Task to carry out: Leaving out every image, restate all the records word for word.

Material shown:
---*---
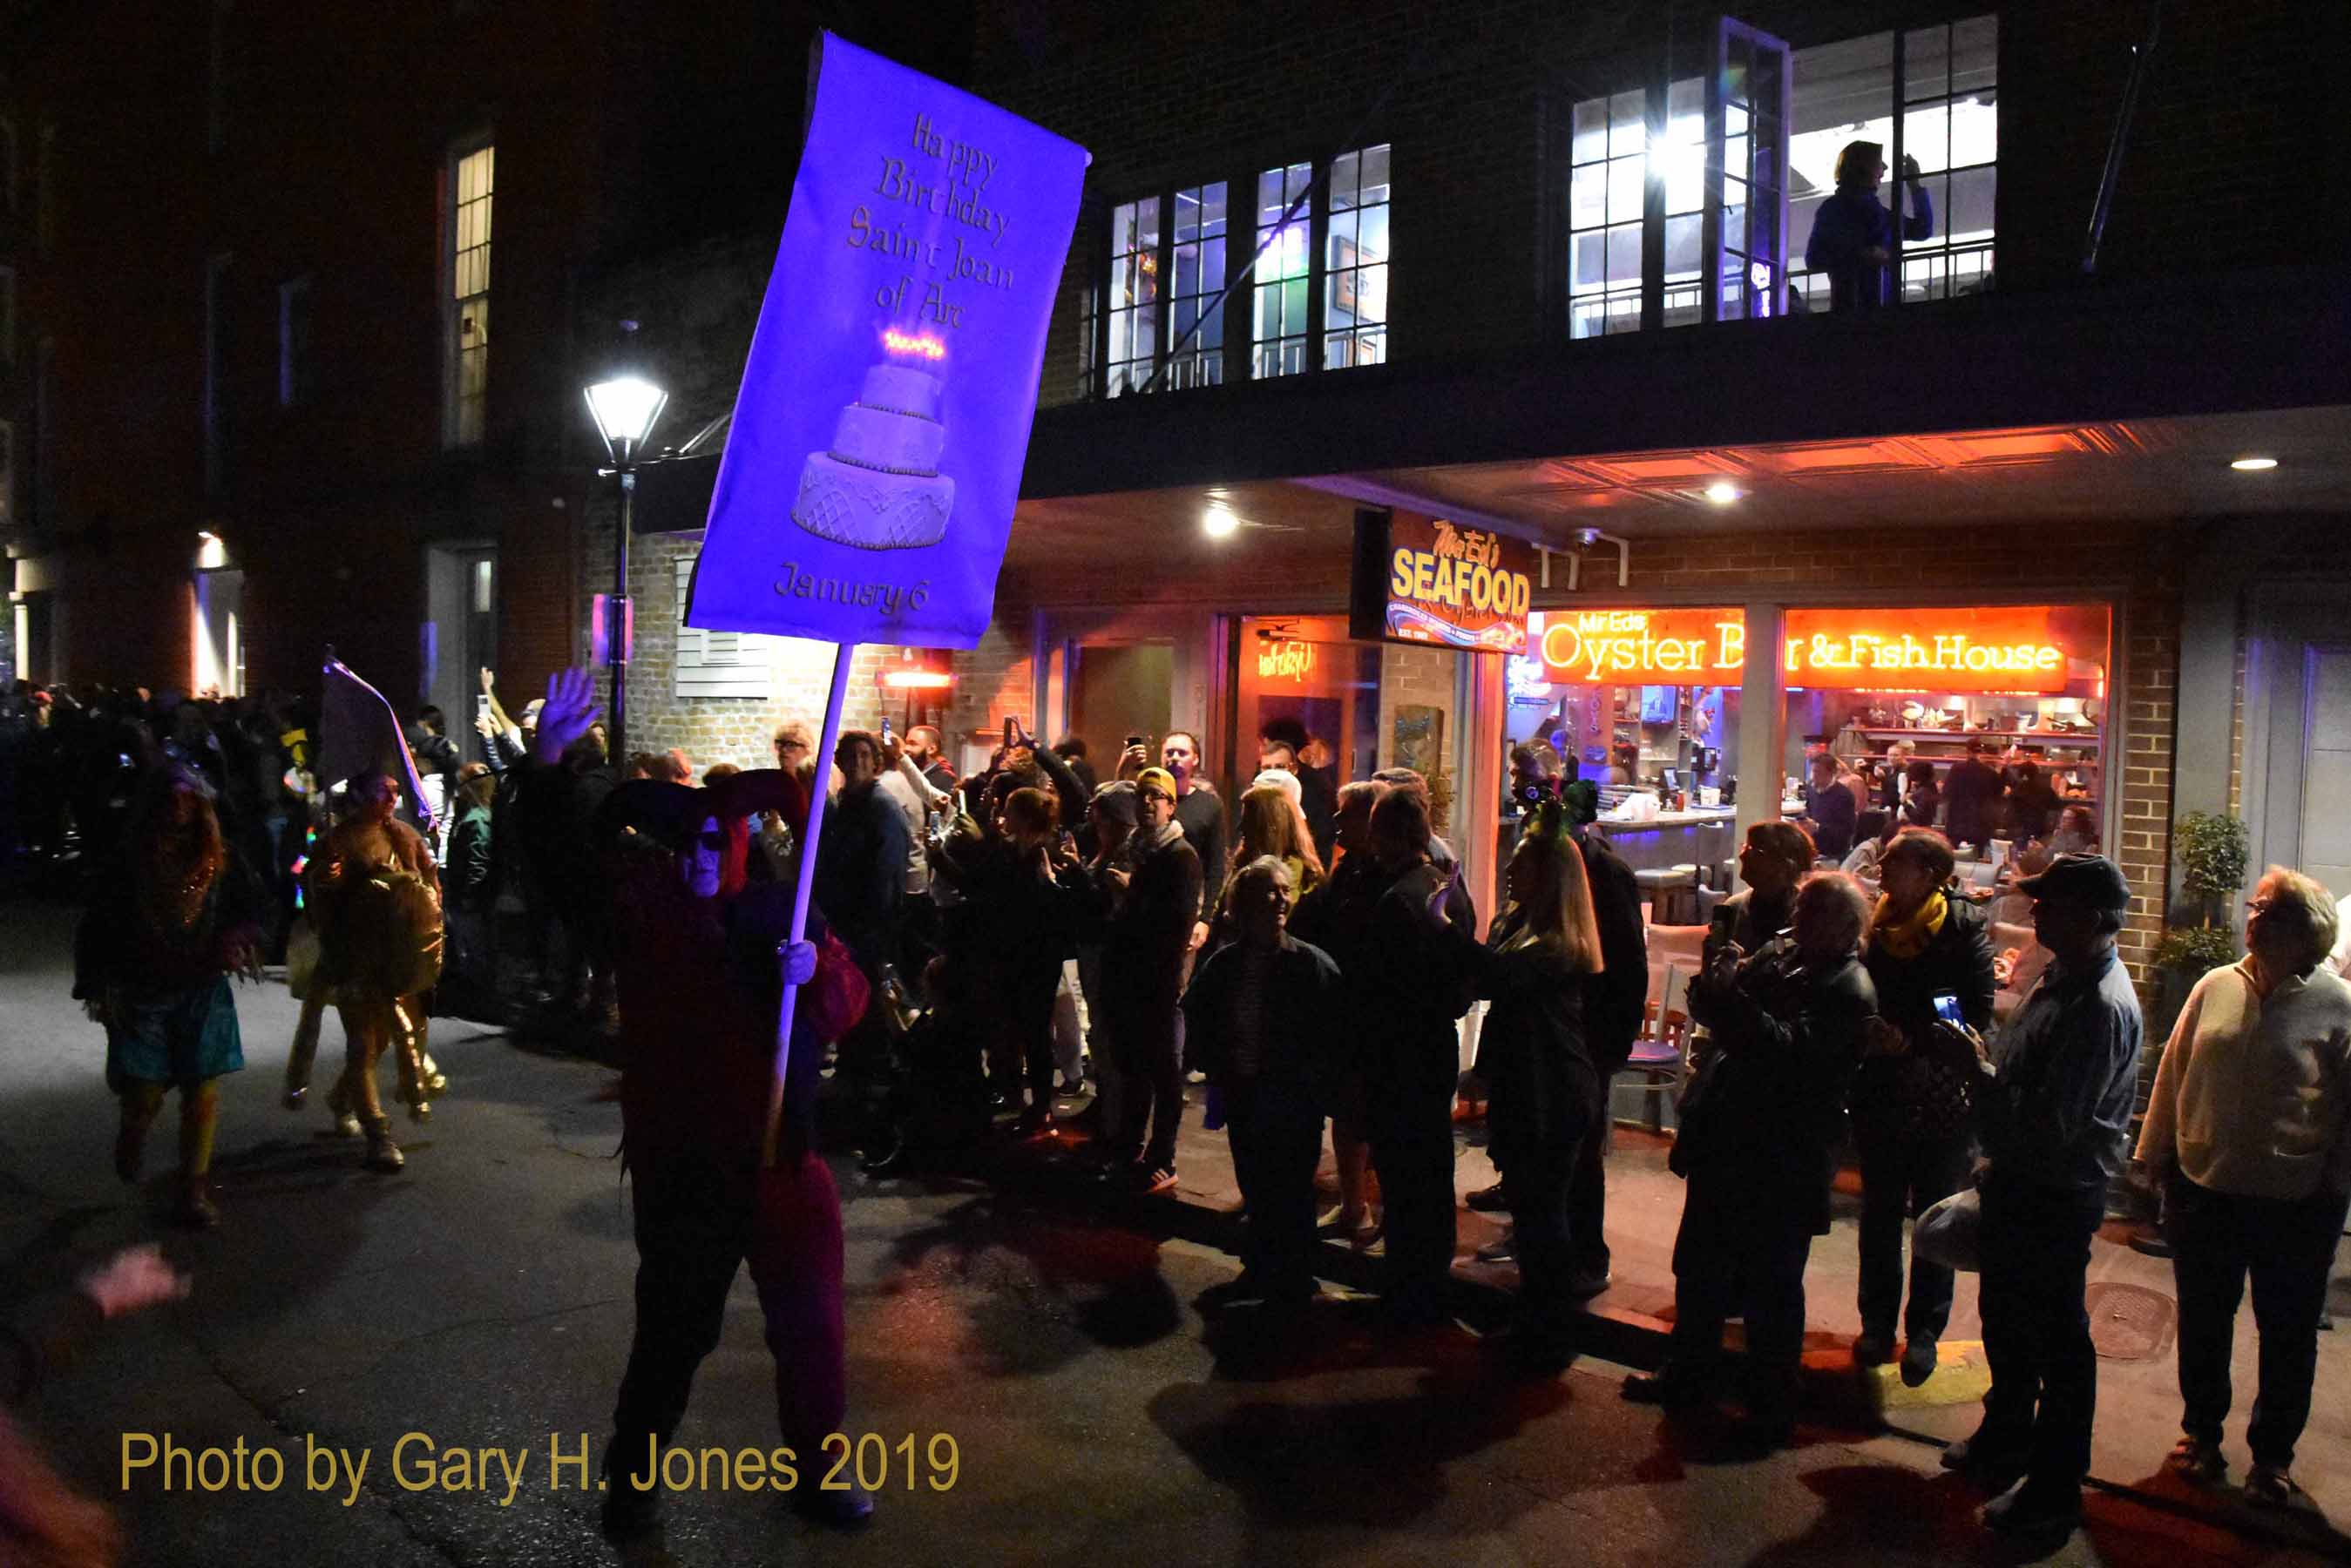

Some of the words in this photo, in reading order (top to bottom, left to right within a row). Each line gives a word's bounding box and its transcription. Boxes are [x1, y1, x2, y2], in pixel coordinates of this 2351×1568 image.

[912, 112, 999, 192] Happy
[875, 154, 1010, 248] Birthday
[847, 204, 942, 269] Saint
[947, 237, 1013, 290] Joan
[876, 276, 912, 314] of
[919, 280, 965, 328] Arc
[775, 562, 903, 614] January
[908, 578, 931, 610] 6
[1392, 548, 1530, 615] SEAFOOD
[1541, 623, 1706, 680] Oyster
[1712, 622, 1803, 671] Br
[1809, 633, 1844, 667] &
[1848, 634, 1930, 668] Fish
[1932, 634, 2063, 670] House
---*---
Output of the exercise:
Some of the words in this photo, in reading order (top to bottom, left to right within a row). Each line gives a word's bounding box and its transcription. Boxes are [x1, y1, x2, y2], in pixel coordinates of this 2351×1568 image.

[912, 112, 999, 192] Happy
[875, 154, 1010, 248] Birthday
[847, 204, 942, 269] Saint
[947, 237, 1013, 290] Joan
[876, 276, 912, 314] of
[919, 280, 965, 328] Arc
[775, 562, 903, 614] January
[908, 578, 931, 610] 6
[1392, 548, 1530, 615] SEAFOOD
[1541, 623, 1706, 680] Oyster
[1712, 622, 1803, 671] Br
[1809, 633, 1844, 667] &
[1848, 634, 1930, 668] Fish
[1932, 634, 2063, 670] House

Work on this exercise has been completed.